You can also run it directly after installing optional dependencies:
```bash
python -m pip install torch transformers pillow
python compare_ocr_engines.py --engines pytesseract,chandra,lightonocr
```
To add another model or OCR library, add a class in `compare_ocr_engines.py` with:
- `key`: stable CLI/output identifier
- `display_name`: readable report name
- `prepare()`: one-time setup such as loading binaries, API clients, or model weights
- `recognize(sample, output_dir)`: per-sample OCR call that returns `OcrOutput`
Then register it in `build_engine_registry()`. The comparison pipeline automatically handles timing, metrics, summaries, and rankings for registered engines.
## Output
After the run, check:
- `artifacts/inputs/` for the generated `fake_ocr_hostile.png` and `fake_ocr_hostile.dcm`
- `artifacts/ocr/chandra/*/recognized.txt` for the OCR text Chandra produced
- `artifacts/ocr/comparison///recognized.txt` for comparison outputs written by engine adapters
- `artifacts/ocr/comparison///raw_response.json` for raw Ollama API responses
- `artifacts/ocr/comparison_summary.json` for machine-readable per-engine timing, text metrics, summaries, failures, and rankings
- `artifacts/ocr/comparison_report.txt` for the human-readable comparison and judgment
## Notes
- The DICOM file is synthetic and only meant to carry image pixels for this demo.
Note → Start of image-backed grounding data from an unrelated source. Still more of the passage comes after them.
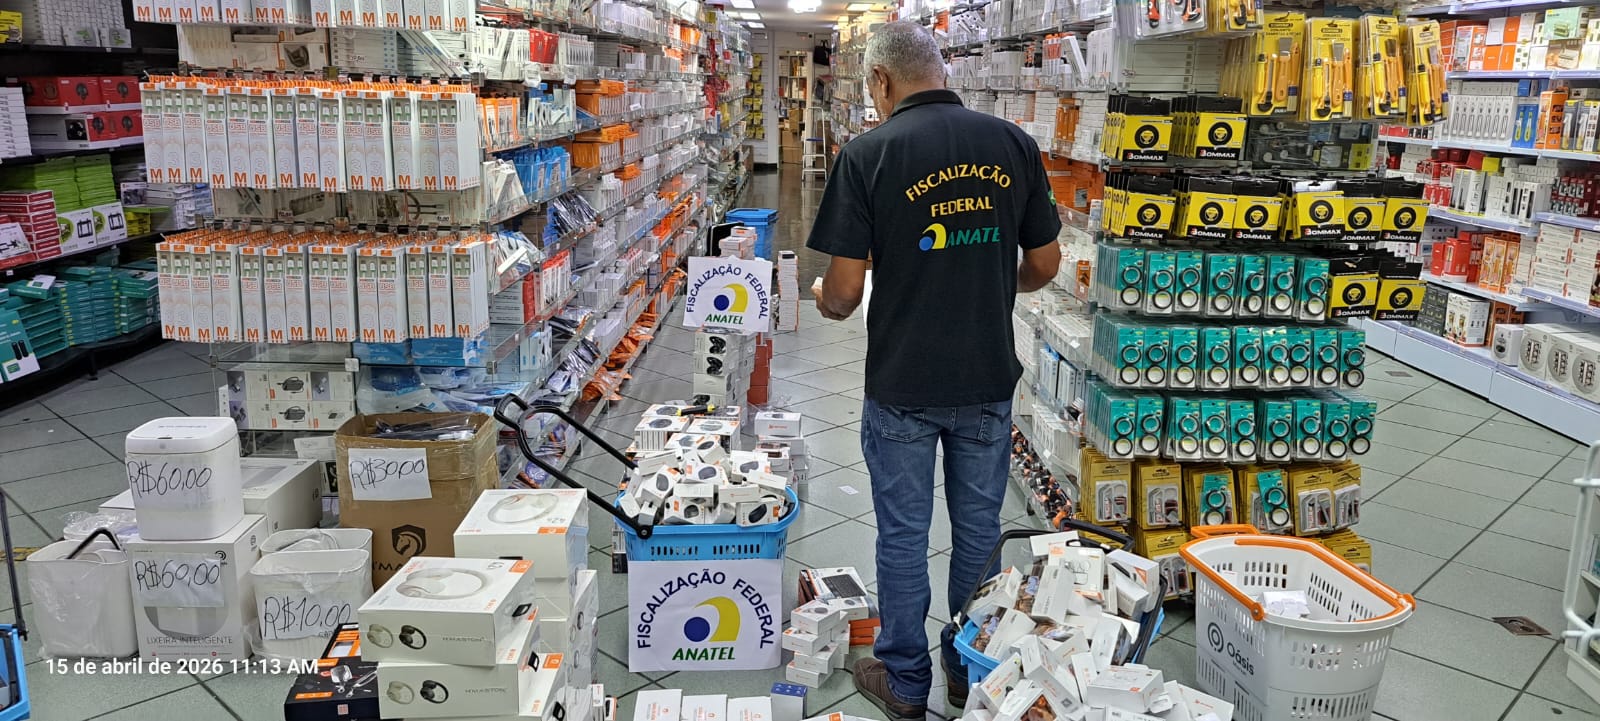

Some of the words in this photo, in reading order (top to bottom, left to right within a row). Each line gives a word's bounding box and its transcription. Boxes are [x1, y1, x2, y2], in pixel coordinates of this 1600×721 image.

[138, 6, 149, 16] M
[158, 7, 170, 18] M
[180, 8, 191, 18] M
[201, 6, 213, 17] M
[226, 8, 238, 18] M
[256, 8, 268, 18] M
[272, 8, 283, 18] M
[340, 10, 352, 21] M
[316, 12, 327, 22] M
[362, 12, 374, 23] M
[386, 13, 398, 23] M
[408, 15, 420, 26] M
[430, 15, 441, 26] M
[454, 17, 466, 28] M
[1127, 152, 1164, 161] BOMMAX
[1200, 149, 1236, 158] BOMMAX
[150, 169, 162, 179] M
[168, 168, 180, 178] M
[190, 168, 202, 178] M
[234, 172, 246, 183] M
[304, 173, 315, 183] M
[212, 174, 224, 184] M
[254, 174, 266, 184] M
[280, 173, 292, 184] M
[324, 177, 336, 188] M
[351, 175, 363, 186] M
[371, 176, 383, 187] M
[398, 175, 410, 186] M
[424, 176, 436, 186] M
[444, 176, 456, 186] M
[905, 163, 1011, 202] FISCALIZAÇÃO
[931, 196, 994, 217] FEDERAL
[1128, 228, 1163, 239] BOMMAX
[1190, 228, 1226, 238] BOMMAX
[1235, 232, 1271, 240] BOMMAX
[1384, 232, 1416, 240] BOMMAX
[686, 264, 741, 312] FISCALIZAÇÃO
[745, 273, 768, 319] FEDERAL
[705, 313, 744, 324] ANATEL
[178, 327, 190, 337] M
[198, 329, 210, 339] M
[217, 327, 228, 337] M
[247, 329, 259, 339] M
[271, 330, 282, 340] M
[291, 327, 302, 337] M
[315, 328, 326, 338] M
[335, 328, 347, 338] M
[363, 329, 375, 340] M
[384, 330, 395, 340] M
[412, 326, 424, 336] M
[434, 325, 445, 335] M
[458, 325, 470, 335] M
[127, 460, 212, 498] R$60,00
[135, 560, 219, 591] R$60,00
[637, 569, 726, 648] FISCALIZAÇÃO
[732, 578, 774, 649] FEDERAL
[672, 647, 735, 660] ANATEL
[1227, 642, 1254, 675] Oásis
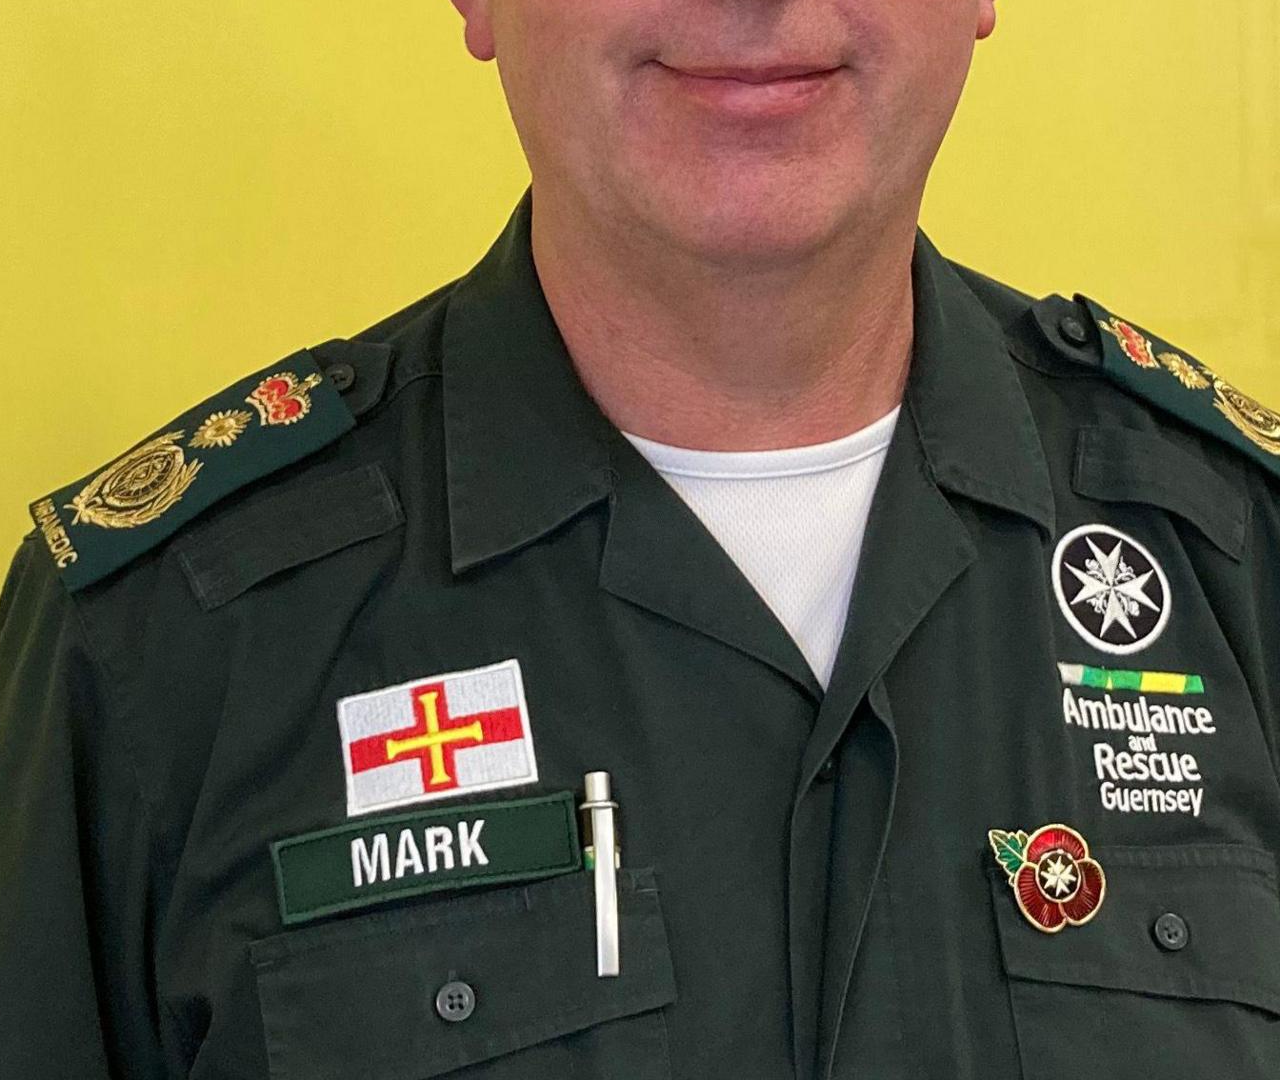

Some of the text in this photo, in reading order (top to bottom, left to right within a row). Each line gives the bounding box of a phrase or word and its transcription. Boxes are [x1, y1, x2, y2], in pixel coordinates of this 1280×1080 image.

[1062, 687, 1216, 735] Ambulance
[1093, 742, 1202, 782] Rescue
[1128, 732, 1158, 752] and
[1099, 781, 1204, 817] Guernsey
[350, 819, 490, 888] MARK
- The OCR step uses `chandra --method hf`, so the first run may download model weights and can take a while.
- The Ollama adapters require a running local Ollama server and locally available `gemma4:latest` and `gemma4:26b` models.
- The LightOnOCR adapter uses the Hugging Face `lightonai/LightOnOCR-1B-1025` model by default and may download large model weights on first use.
- The scripts assume `python3`, `venv`, a working `pip`, and the `tesseract` system binary are available on the Linux host.